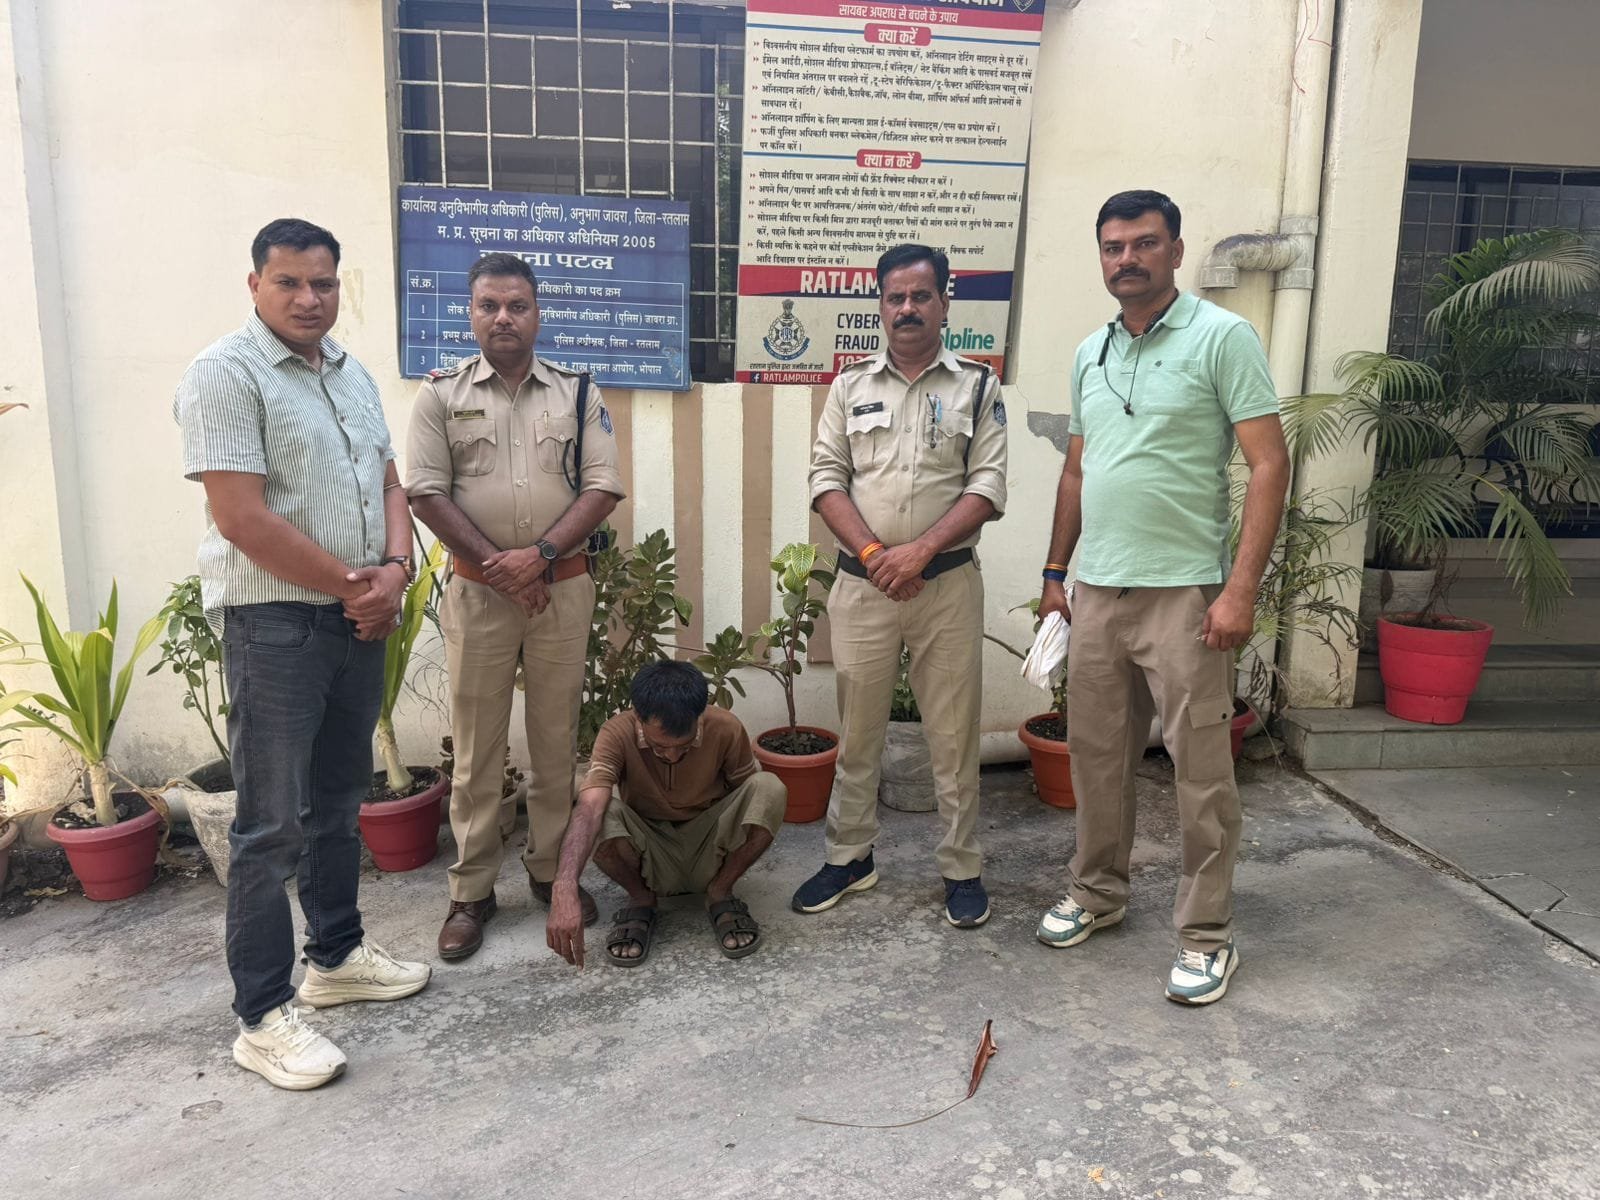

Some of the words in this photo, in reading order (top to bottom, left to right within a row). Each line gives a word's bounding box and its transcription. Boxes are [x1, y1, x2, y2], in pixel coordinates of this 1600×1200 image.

[838, 4, 868, 17] सायबर
[870, 7, 897, 19] अपराध
[898, 5, 907, 19] से
[908, 7, 928, 22] बचने
[929, 9, 938, 22] के
[938, 11, 960, 24] उपाय
[878, 28, 896, 43] क्या
[899, 28, 918, 45] करें
[799, 40, 821, 53] सोशल
[822, 42, 846, 54] मीडिया
[876, 48, 886, 56] का
[887, 46, 909, 58] उपयोग
[925, 49, 957, 62] ऑनलाइन
[1006, 56, 1015, 66] दूर
[826, 57, 850, 69] मीडिया
[920, 62, 931, 74] नेट
[952, 65, 968, 76] आदि
[773, 68, 800, 80] नियमित
[802, 70, 827, 82] अंतराल
[827, 74, 837, 82] पर
[762, 83, 794, 95] ऑनलाइन
[892, 89, 907, 100] लोन
[972, 94, 987, 105] आदि
[761, 99, 787, 108] सावधान
[761, 112, 793, 123] ऑनलाइन
[826, 114, 840, 126] लिए
[841, 117, 865, 126] मान्यता
[957, 123, 966, 131] का
[967, 121, 985, 132] प्रयोग
[777, 126, 797, 138] पुलिस
[799, 127, 828, 138] अधिकारी
[829, 130, 849, 139] बनकर
[929, 133, 944, 144] करने
[945, 136, 954, 144] पर
[954, 136, 977, 145] तत्काल
[759, 141, 769, 150] पर
[769, 140, 786, 150] कॉल
[864, 153, 883, 167] क्या
[884, 154, 894, 168] न
[896, 152, 914, 169] करें
[759, 168, 780, 180] सोशल
[781, 169, 804, 180] मीडिया
[805, 173, 814, 181] पर
[815, 173, 841, 182] अनजान
[841, 171, 859, 183] लोगों
[860, 172, 869, 183] की
[758, 183, 775, 194] अपने
[817, 185, 833, 196] आदि
[834, 186, 850, 196] कभी
[851, 186, 860, 197] भी
[861, 186, 878, 197] किसी
[887, 190, 901, 198] साथ
[401, 196, 437, 213] कार्यालय
[439, 198, 489, 219] अनुविभागीय
[490, 200, 528, 217] अधिकारी
[570, 208, 601, 225] अनुभाग
[758, 198, 790, 209] ऑनलाइन
[790, 198, 802, 209] चैट
[803, 201, 812, 209] पर
[920, 203, 936, 213] आदि
[937, 206, 954, 214] साझा
[757, 211, 778, 222] सोशल
[779, 212, 801, 223] मीडिया
[802, 215, 811, 223] पर
[812, 213, 829, 224] किसी
[919, 216, 929, 226] की
[944, 217, 959, 227] करने
[959, 220, 968, 228] पर
[993, 221, 1007, 229] जमा
[437, 225, 450, 238] म.
[469, 227, 501, 244] सूचना
[503, 228, 518, 241] का
[521, 225, 565, 243] अधिकार
[568, 228, 619, 246] अधिनियम
[622, 235, 655, 248] 2005
[771, 226, 787, 237] पहले
[788, 226, 805, 237] किसी
[806, 229, 821, 237] अन्य
[856, 231, 877, 239] माध्यम
[756, 239, 773, 250] किसी
[802, 240, 818, 252] कहने
[818, 243, 828, 252] पर
[828, 241, 841, 252] कोई
[556, 253, 614, 270] पटल
[756, 253, 772, 263] आदि
[797, 256, 806, 264] पर
[574, 285, 588, 296] का
[589, 286, 603, 297] पद
[604, 287, 622, 297] क्रम
[421, 304, 425, 314] 1
[447, 301, 465, 315] लोक
[539, 306, 577, 322] नुविभागीय
[579, 308, 611, 322] अधिकारी
[614, 310, 643, 326] (पुलिस)
[644, 314, 666, 325] जावरा
[837, 313, 880, 329] CYBER
[421, 330, 425, 340] 2
[554, 332, 575, 349] पुलिस
[609, 334, 628, 348] जिला
[636, 339, 660, 349] रतलाम
[835, 334, 879, 351] FRAUD
[420, 355, 425, 365] 3
[589, 362, 610, 376] सूचना
[639, 362, 662, 374] भोपाल
[763, 373, 823, 383] RATLAMPOLICE

※

Assignment: Output, word for word, the full listing above, with no pictures.

Output of the exercise:
Some of the words in this photo, in reading order (top to bottom, left to right within a row). Each line gives a word's bounding box and its transcription. Boxes are [x1, y1, x2, y2], in pixel coordinates of this 1600×1200 image.

[838, 4, 868, 17] सायबर
[870, 7, 897, 19] अपराध
[898, 5, 907, 19] से
[908, 7, 928, 22] बचने
[929, 9, 938, 22] के
[938, 11, 960, 24] उपाय
[878, 28, 896, 43] क्या
[899, 28, 918, 45] करें
[799, 40, 821, 53] सोशल
[822, 42, 846, 54] मीडिया
[876, 48, 886, 56] का
[887, 46, 909, 58] उपयोग
[925, 49, 957, 62] ऑनलाइन
[1006, 56, 1015, 66] दूर
[826, 57, 850, 69] मीडिया
[920, 62, 931, 74] नेट
[952, 65, 968, 76] आदि
[773, 68, 800, 80] नियमित
[802, 70, 827, 82] अंतराल
[827, 74, 837, 82] पर
[762, 83, 794, 95] ऑनलाइन
[892, 89, 907, 100] लोन
[972, 94, 987, 105] आदि
[761, 99, 787, 108] सावधान
[761, 112, 793, 123] ऑनलाइन
[826, 114, 840, 126] लिए
[841, 117, 865, 126] मान्यता
[957, 123, 966, 131] का
[967, 121, 985, 132] प्रयोग
[777, 126, 797, 138] पुलिस
[799, 127, 828, 138] अधिकारी
[829, 130, 849, 139] बनकर
[929, 133, 944, 144] करने
[945, 136, 954, 144] पर
[954, 136, 977, 145] तत्काल
[759, 141, 769, 150] पर
[769, 140, 786, 150] कॉल
[864, 153, 883, 167] क्या
[884, 154, 894, 168] न
[896, 152, 914, 169] करें
[759, 168, 780, 180] सोशल
[781, 169, 804, 180] मीडिया
[805, 173, 814, 181] पर
[815, 173, 841, 182] अनजान
[841, 171, 859, 183] लोगों
[860, 172, 869, 183] की
[758, 183, 775, 194] अपने
[817, 185, 833, 196] आदि
[834, 186, 850, 196] कभी
[851, 186, 860, 197] भी
[861, 186, 878, 197] किसी
[887, 190, 901, 198] साथ
[401, 196, 437, 213] कार्यालय
[439, 198, 489, 219] अनुविभागीय
[490, 200, 528, 217] अधिकारी
[570, 208, 601, 225] अनुभाग
[758, 198, 790, 209] ऑनलाइन
[790, 198, 802, 209] चैट
[803, 201, 812, 209] पर
[920, 203, 936, 213] आदि
[937, 206, 954, 214] साझा
[757, 211, 778, 222] सोशल
[779, 212, 801, 223] मीडिया
[802, 215, 811, 223] पर
[812, 213, 829, 224] किसी
[919, 216, 929, 226] की
[944, 217, 959, 227] करने
[959, 220, 968, 228] पर
[993, 221, 1007, 229] जमा
[437, 225, 450, 238] म.
[469, 227, 501, 244] सूचना
[503, 228, 518, 241] का
[521, 225, 565, 243] अधिकार
[568, 228, 619, 246] अधिनियम
[622, 235, 655, 248] 2005
[771, 226, 787, 237] पहले
[788, 226, 805, 237] किसी
[806, 229, 821, 237] अन्य
[856, 231, 877, 239] माध्यम
[756, 239, 773, 250] किसी
[802, 240, 818, 252] कहने
[818, 243, 828, 252] पर
[828, 241, 841, 252] कोई
[556, 253, 614, 270] पटल
[756, 253, 772, 263] आदि
[797, 256, 806, 264] पर
[574, 285, 588, 296] का
[589, 286, 603, 297] पद
[604, 287, 622, 297] क्रम
[421, 304, 425, 314] 1
[447, 301, 465, 315] लोक
[539, 306, 577, 322] नुविभागीय
[579, 308, 611, 322] अधिकारी
[614, 310, 643, 326] (पुलिस)
[644, 314, 666, 325] जावरा
[837, 313, 880, 329] CYBER
[421, 330, 425, 340] 2
[554, 332, 575, 349] पुलिस
[609, 334, 628, 348] जिला
[636, 339, 660, 349] रतलाम
[835, 334, 879, 351] FRAUD
[420, 355, 425, 365] 3
[589, 362, 610, 376] सूचना
[639, 362, 662, 374] भोपाल
[763, 373, 823, 383] RATLAMPOLICE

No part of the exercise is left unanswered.